▸ **Material provided**
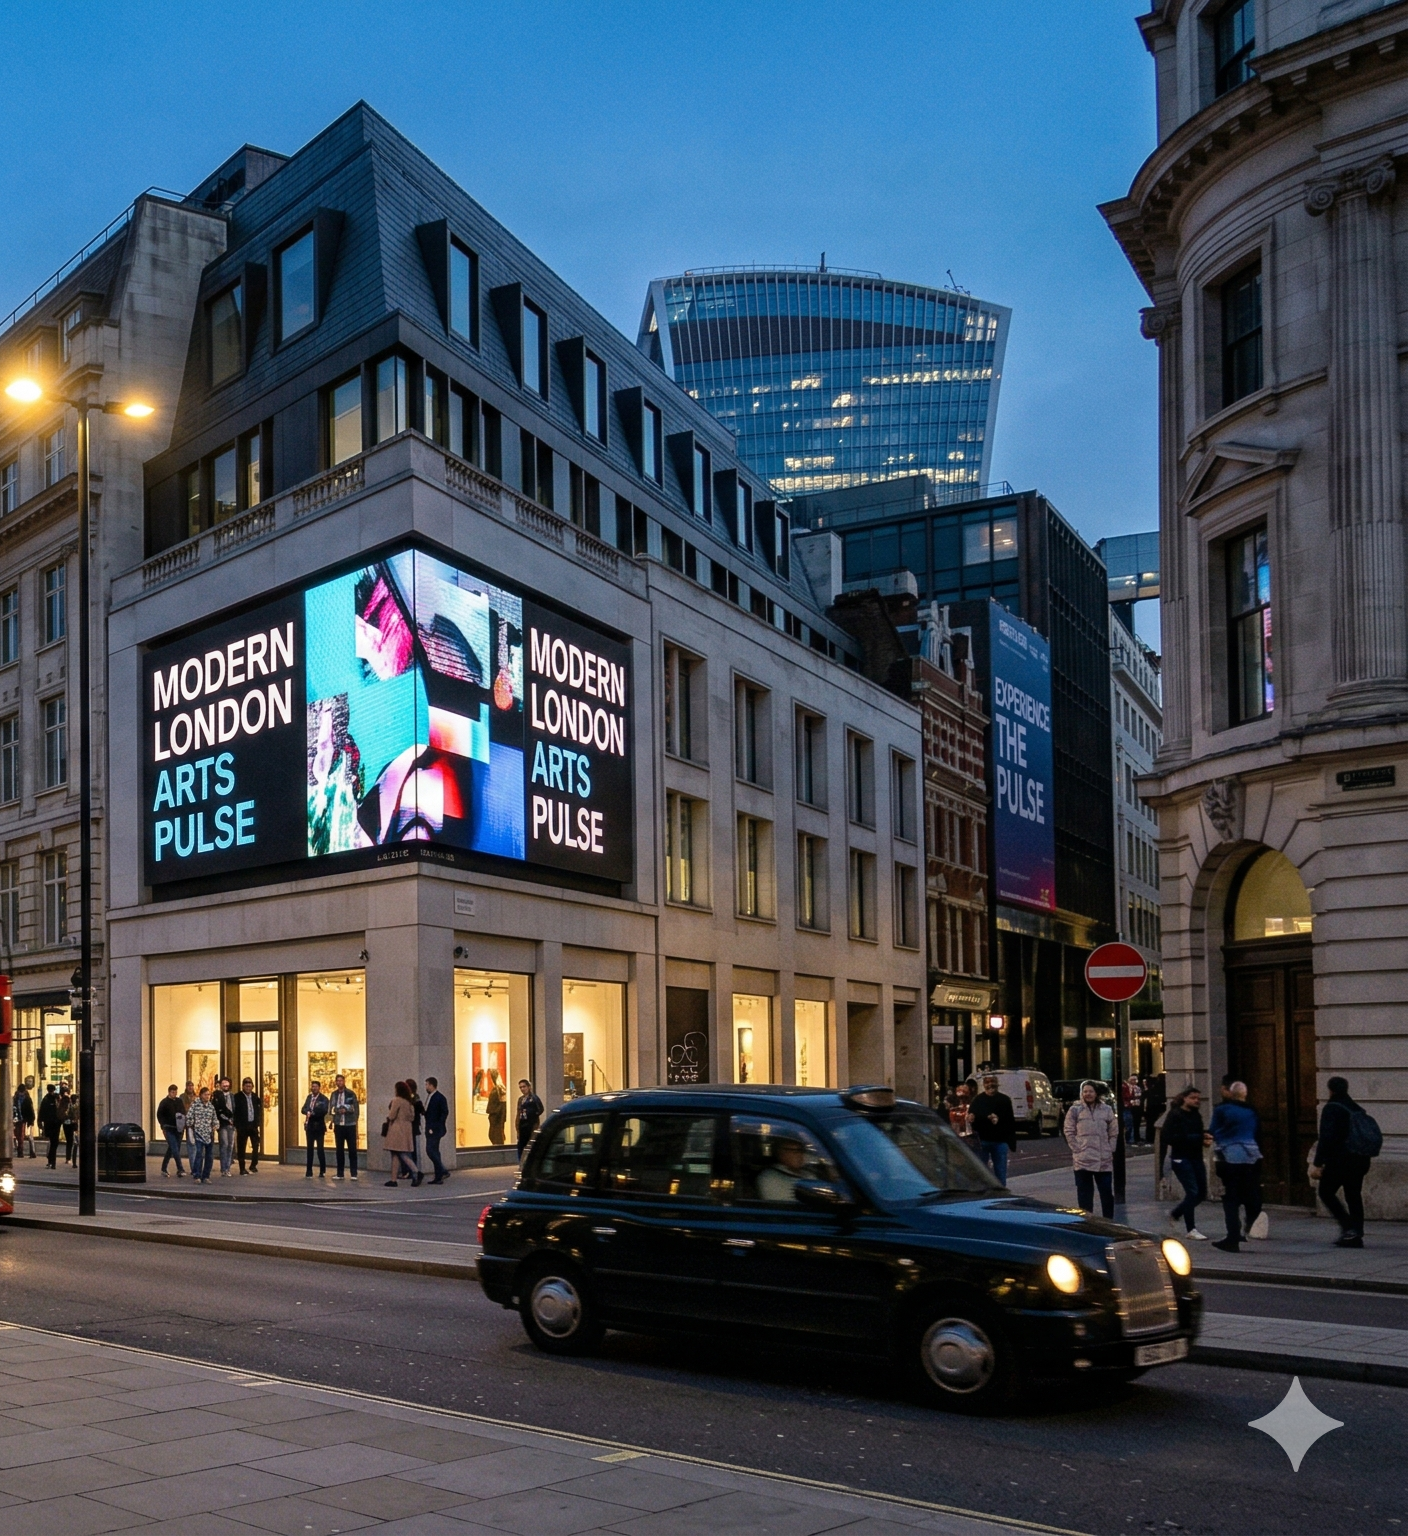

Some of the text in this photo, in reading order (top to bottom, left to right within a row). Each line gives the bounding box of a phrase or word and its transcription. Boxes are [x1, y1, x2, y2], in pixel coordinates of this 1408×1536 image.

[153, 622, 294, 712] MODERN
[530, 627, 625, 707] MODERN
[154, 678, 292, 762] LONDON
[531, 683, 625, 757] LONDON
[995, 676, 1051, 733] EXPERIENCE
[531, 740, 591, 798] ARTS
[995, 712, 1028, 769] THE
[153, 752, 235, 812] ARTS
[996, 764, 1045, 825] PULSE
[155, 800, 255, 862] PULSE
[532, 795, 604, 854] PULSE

▸ **Exercise goal**
All entries need repeating exactly, but without the pictures.

▸ **Solution to the exercise**
Some of the text in this photo, in reading order (top to bottom, left to right within a row). Each line gives the bounding box of a phrase or word and its transcription. Boxes are [x1, y1, x2, y2], in pixel coordinates of this 1408×1536 image.

[153, 622, 294, 712] MODERN
[530, 627, 625, 707] MODERN
[154, 678, 292, 762] LONDON
[531, 683, 625, 757] LONDON
[995, 676, 1051, 733] EXPERIENCE
[531, 740, 591, 798] ARTS
[995, 712, 1028, 769] THE
[153, 752, 235, 812] ARTS
[996, 764, 1045, 825] PULSE
[155, 800, 255, 862] PULSE
[532, 795, 604, 854] PULSE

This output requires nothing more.